Australia rejoices: St Mary of the Cross
"The will of God is to me a very dear book and I never tire of reading it".


St Peter's Square:  17 October 2010 -- Australia now has every right to rejoice with the Universal Church as it welcomes the new name inscribed in the list of Saints, Mary of the Cross MacKillop. That took place after 10 am on Sunday morning 17 October in St Peter's Square in sunshine, no real rain threatening. Nothing was going to rain on her parade - not for her, not for the other five Saints proclaimed, hailing from Canada, Spain, Poland, Italy as well as Australia. At somewhere around 11.30 am Archbishop Amato sdb signaled the close to the canonisation part of the rite, requesting the Holy Father to issue the Apostolic Decree noting the completed rite of canonisation, to which Pope Benedict responded with a single word: 'Decernimus'. 'We so order it to be done'!

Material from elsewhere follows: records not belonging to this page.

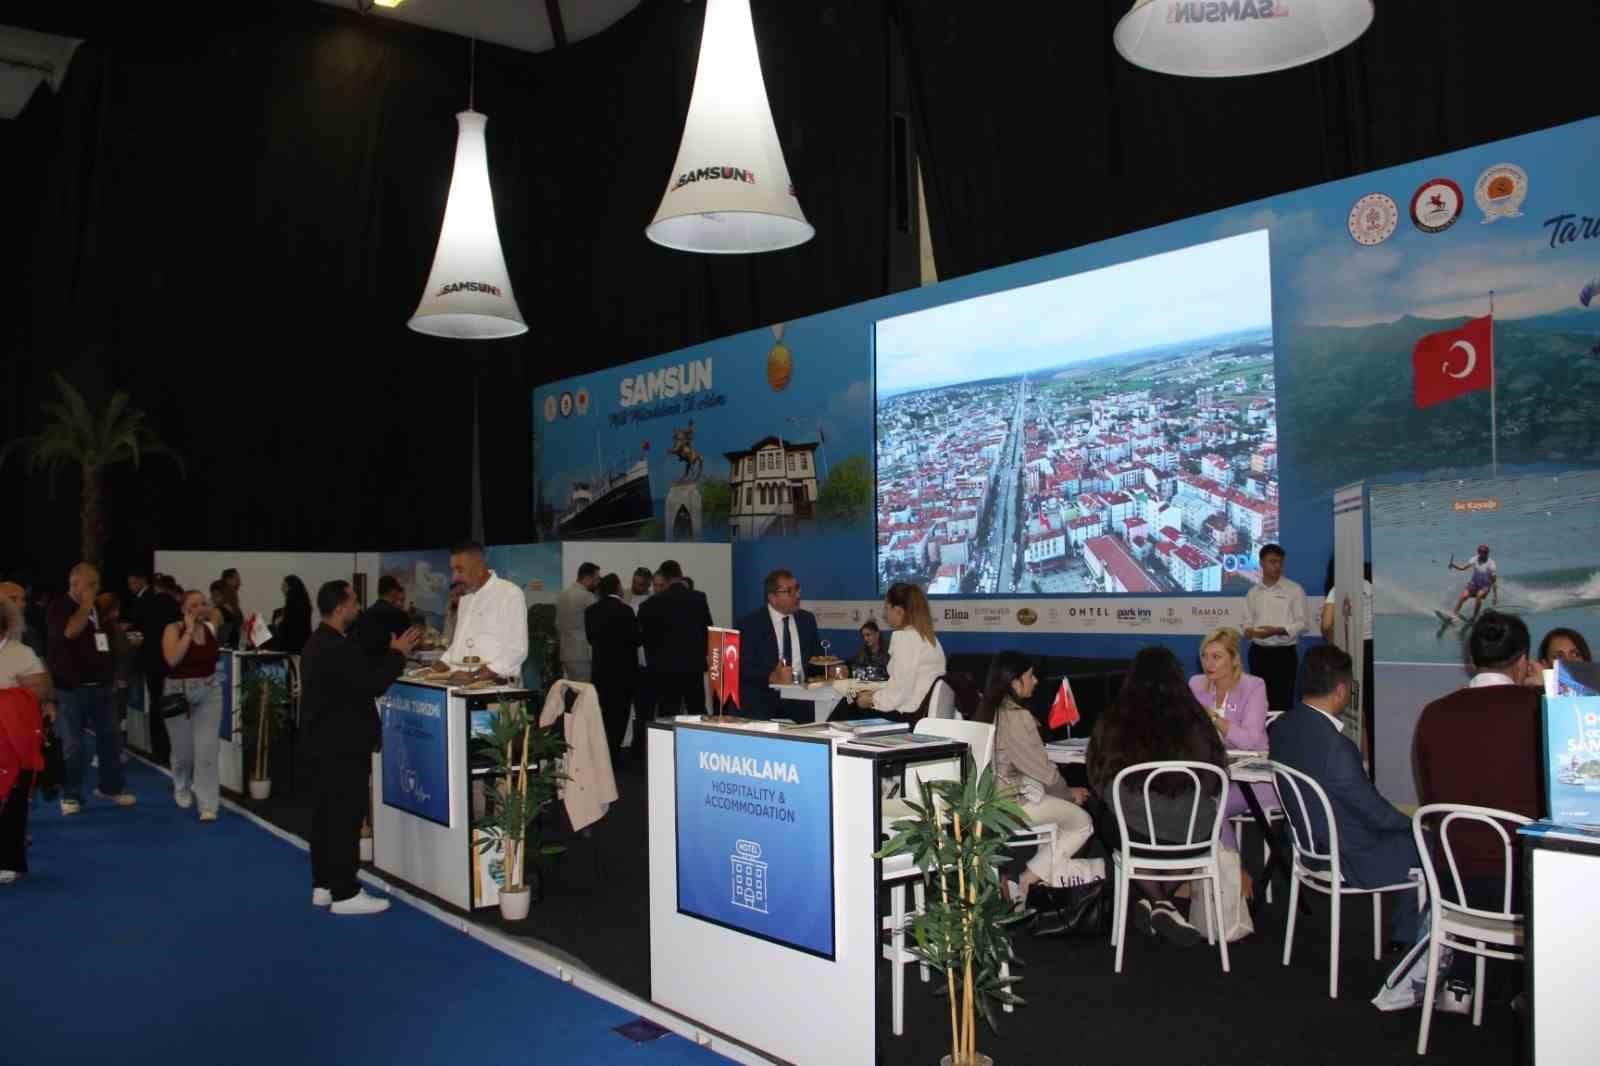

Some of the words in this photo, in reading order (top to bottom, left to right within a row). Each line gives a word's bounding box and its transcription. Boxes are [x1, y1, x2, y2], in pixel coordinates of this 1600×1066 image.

[678, 165, 747, 184] SAMSUN
[442, 281, 498, 296] SAMSUN
[619, 357, 713, 407] SAMSUN
[944, 608, 969, 620] Elina
[1117, 608, 1136, 619] park
[1137, 607, 1152, 617] inn
[699, 751, 801, 784] KONAKLAMA
[712, 780, 776, 801] HOSPITALITY
[779, 791, 786, 804] &
[704, 796, 796, 823] ACCOMMODATION

    Mary was born in inner Melbourne, at Fitzroy, of Scottish born parents. In fact, there is a Scottish Salesian, Bro Donald McDonald (as there is also an Australian Salesian, Fr Alan McDonald) who dropped a line just yesterday to suggest that kilts might be all the go in St Peter's Square this weekend. Mary's grandparents were of the MacKillop and McDonald clans. Donald wasn't wrong; there was one kilted member of the family (not sure which clan though - too far away to catch the tartan signature) who accompanied Mary's relics to the altar. He managed to bring the one light moment to the entire ceremony with his ceremonial mace (the rest of us would call it a walking stick) when he decided one of the flower pots placed at the base of the stand was ill-arranged, so he used his stick to move them around!
    No doubt the Holy Father had been previously well-advised not to even think of holding the canonisation towards the end of September, when Mary's home town Melbourne, but everywhere else she worked as well, would be focused on another stadium with similar capacity to St Peter's Square: the Australian Football League Grand Final! Collingwood and canonisation might not mix! Besides, the Holy Father was occupied elsewhere at that point. So October 17 was chosen and enabled an estimated 8,000 or more Australians to be present. But her feast day will be celebrated as has already been established since her Beatification, on 8 August each year.

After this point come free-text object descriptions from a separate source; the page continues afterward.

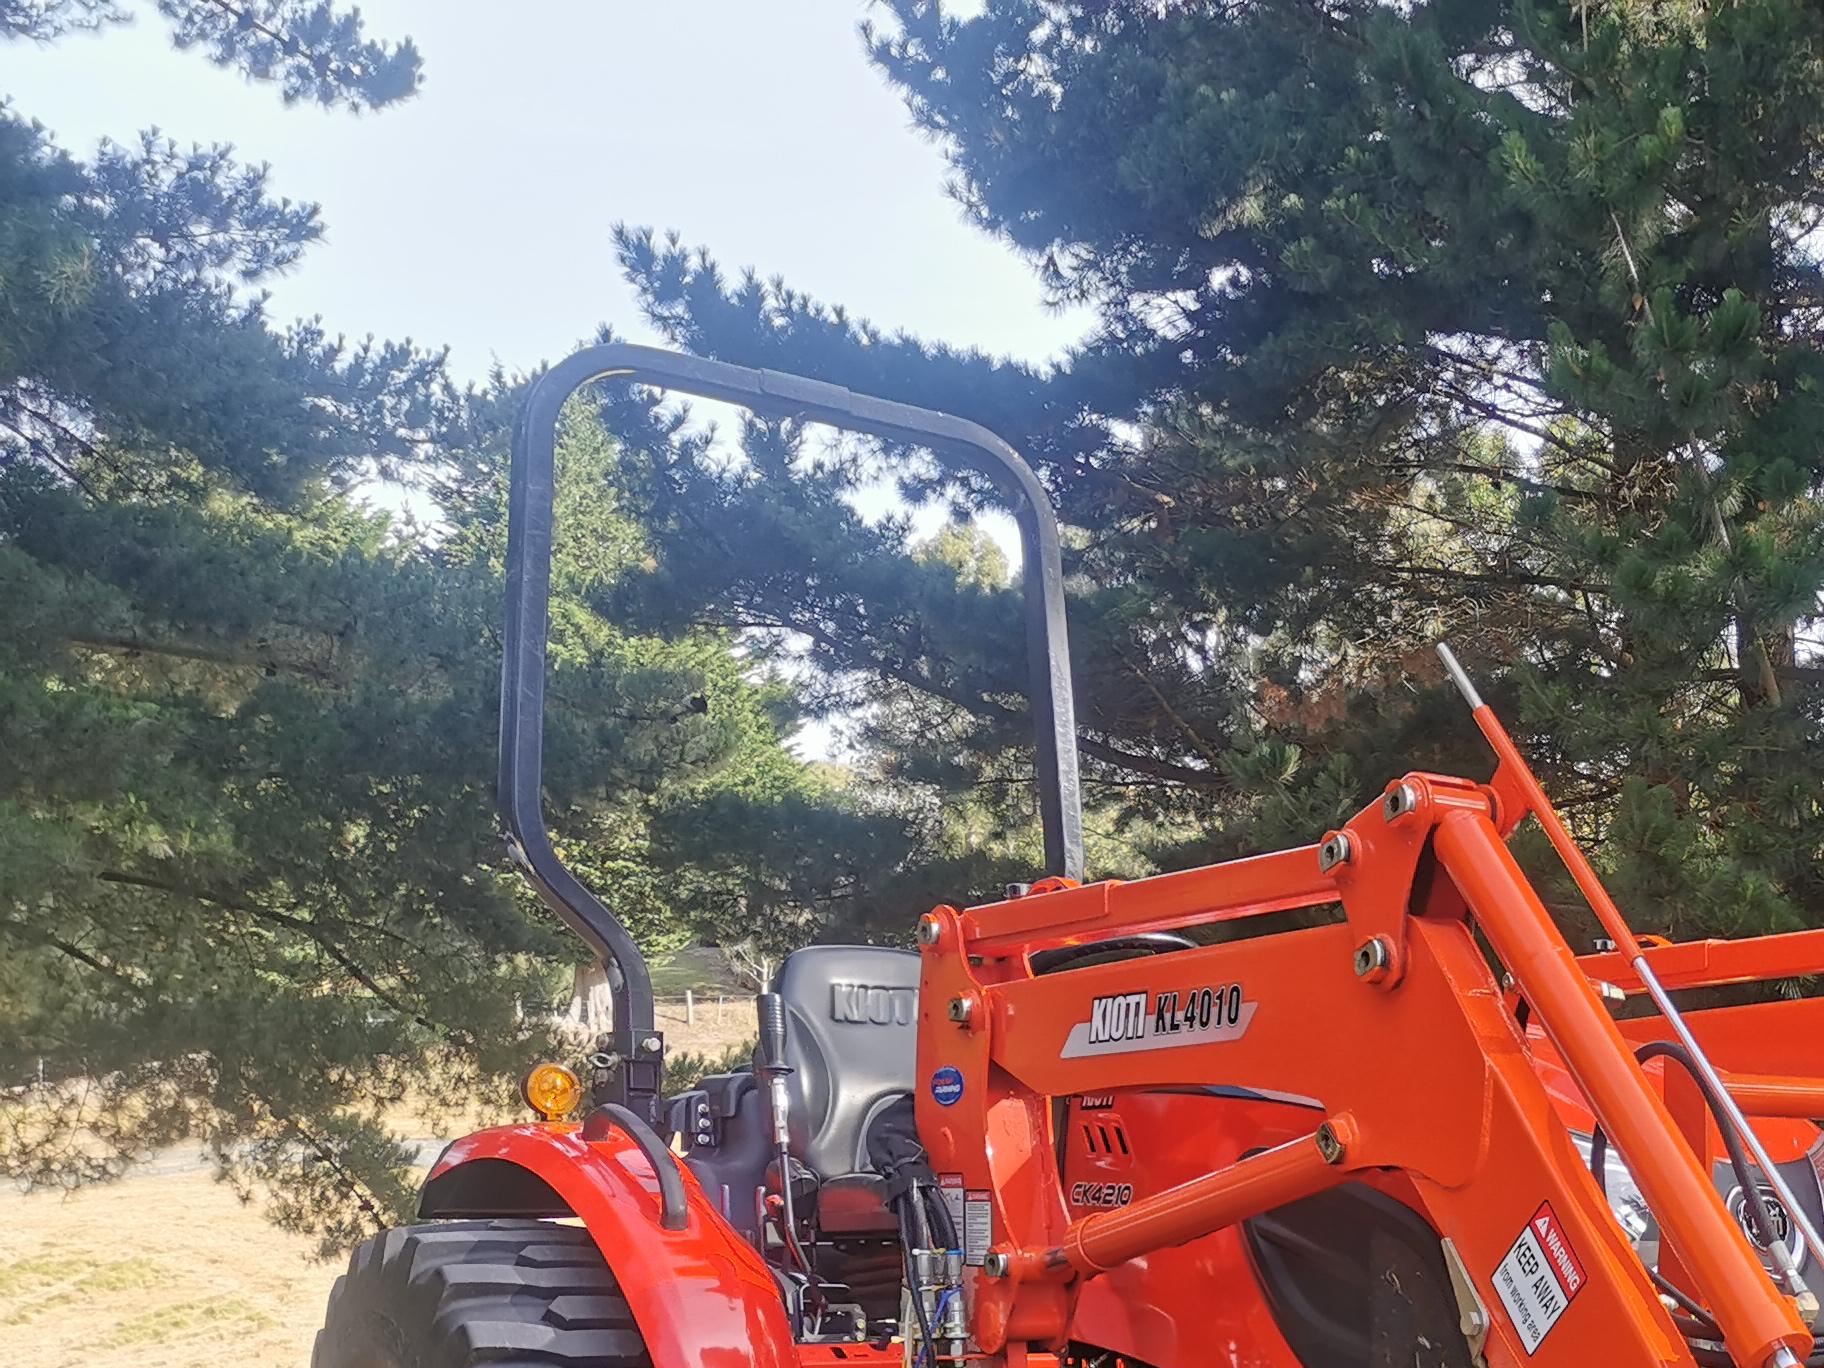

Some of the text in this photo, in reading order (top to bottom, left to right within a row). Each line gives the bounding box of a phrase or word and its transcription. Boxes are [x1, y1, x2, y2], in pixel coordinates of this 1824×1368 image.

[1089, 992, 1148, 1043] KIOTI
[1071, 1181, 1133, 1207] CK4210
[1514, 1236, 1561, 1320] KEEP AWAY
[1546, 1228, 1580, 1292] WARNING
[1500, 1262, 1541, 1343] from working area

    For those who know little of this woman who has caught the imagination of Australians, believing or otherwise,  Mary was born January 15 1842. They were tough times, and Mary had to find employment at an  arly age to help the family and her seven siblings. She became a governess and teacher, moving to a small town in South Australia called Penola. It was a time when social services were non-existent, and the rural population severely disadvantaged, especially in terms of education and more so Catholic education, for children. Mary set about remedying that with the help of an insightful parish priest. Together they planned a Congregation of sisters who would work wherever there was a need but especially in rural areas. These Sisters are The Josephites, or more fully the Sisters of St Joseph of the Sacred Heart.

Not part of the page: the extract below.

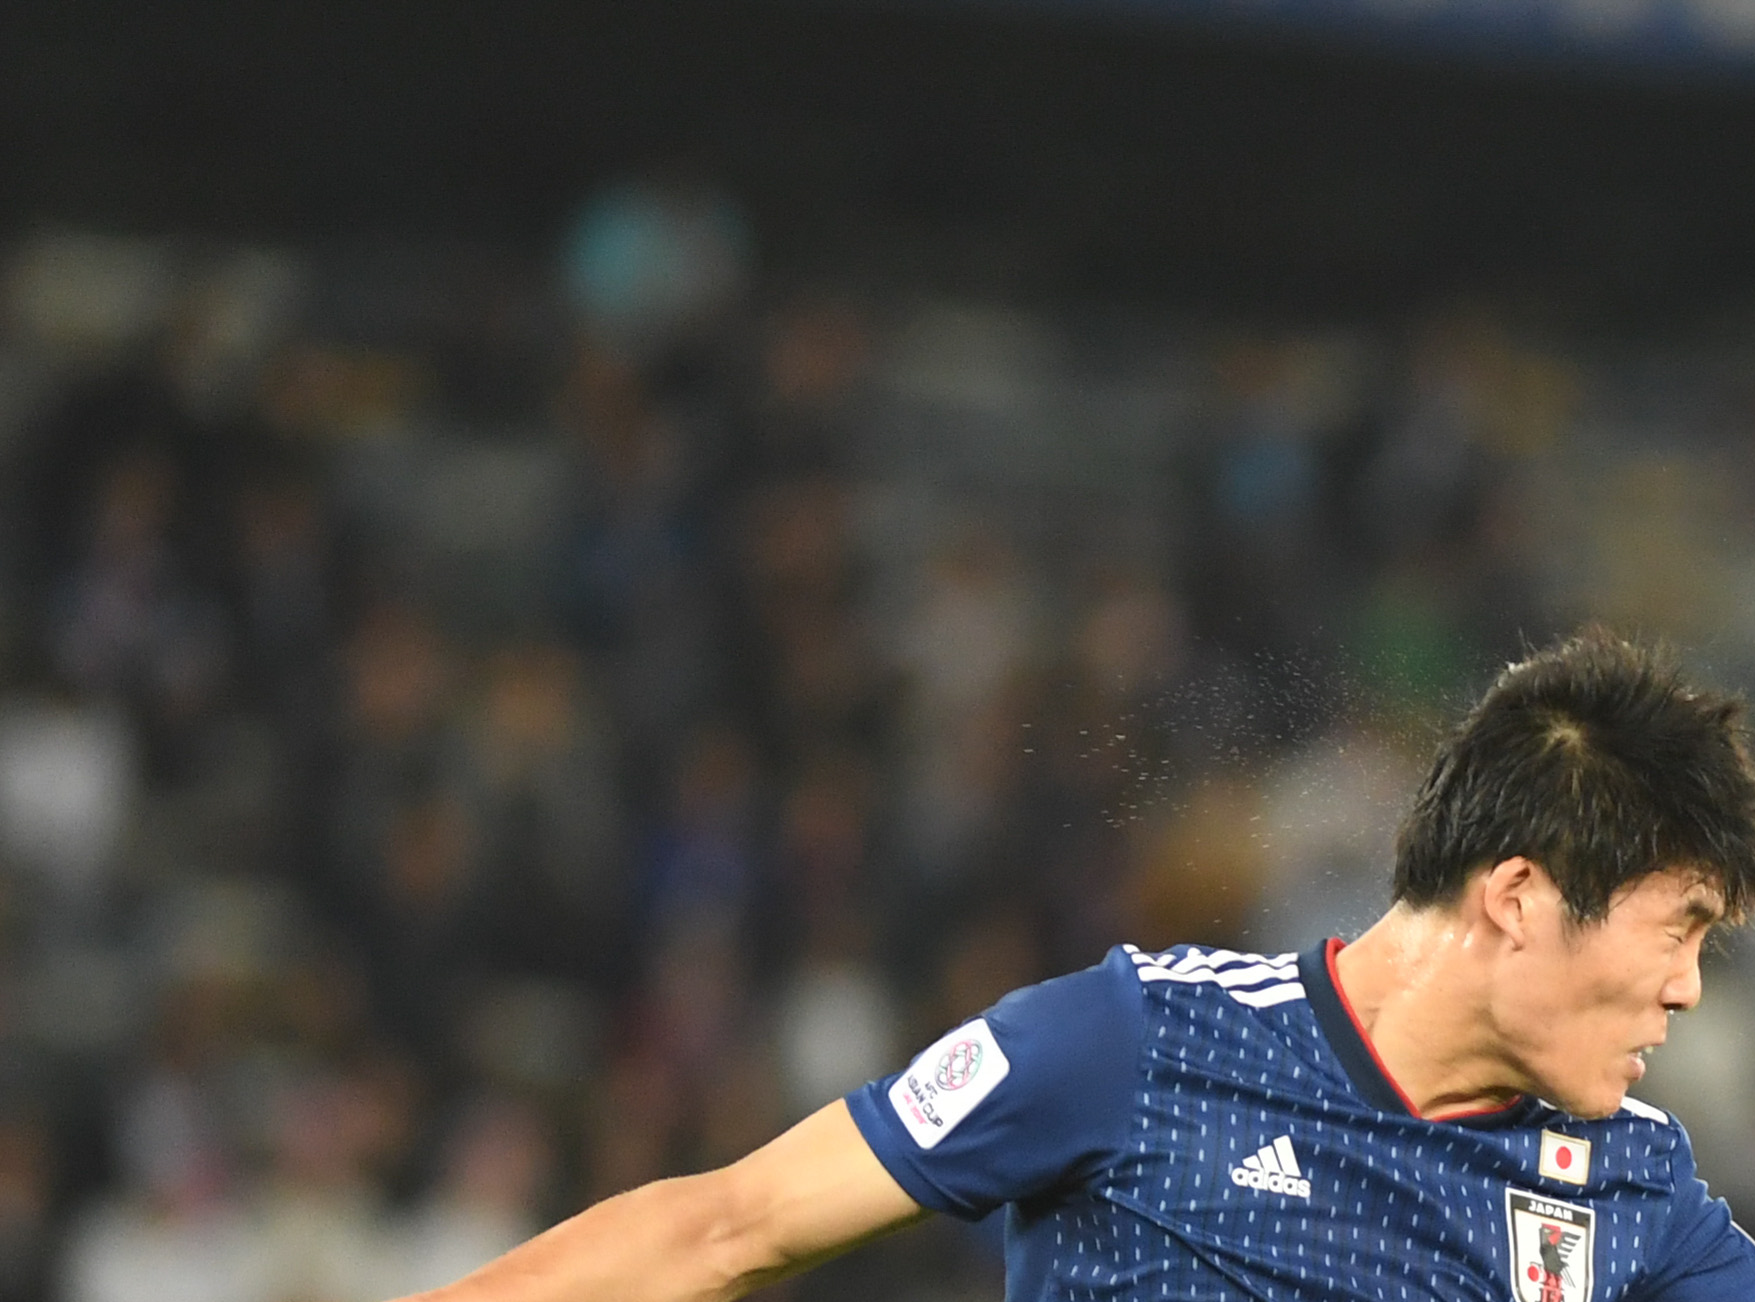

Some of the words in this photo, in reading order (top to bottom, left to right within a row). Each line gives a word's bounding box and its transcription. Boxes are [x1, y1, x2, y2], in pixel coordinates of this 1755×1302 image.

[922, 1102, 944, 1127] CUP
[1231, 1167, 1311, 1198] adidas
[1528, 1200, 1573, 1222] JAPAN

    The story is too long to tell it all here. There were very dark moments. The Bishop of Adelaide at one point excommunicated her! But she found great support, as did Don Bosco, from Pope Pius IX who set in motion the recognition that would eventually come for her Institute, in 1888. More trials - at one point she was deposed as Mother General, and fell out of favour with the very priest who had helped her found the Institute, but she accepted everything as God's will. "The will of God is to me a very dear book and I never tire of reading it".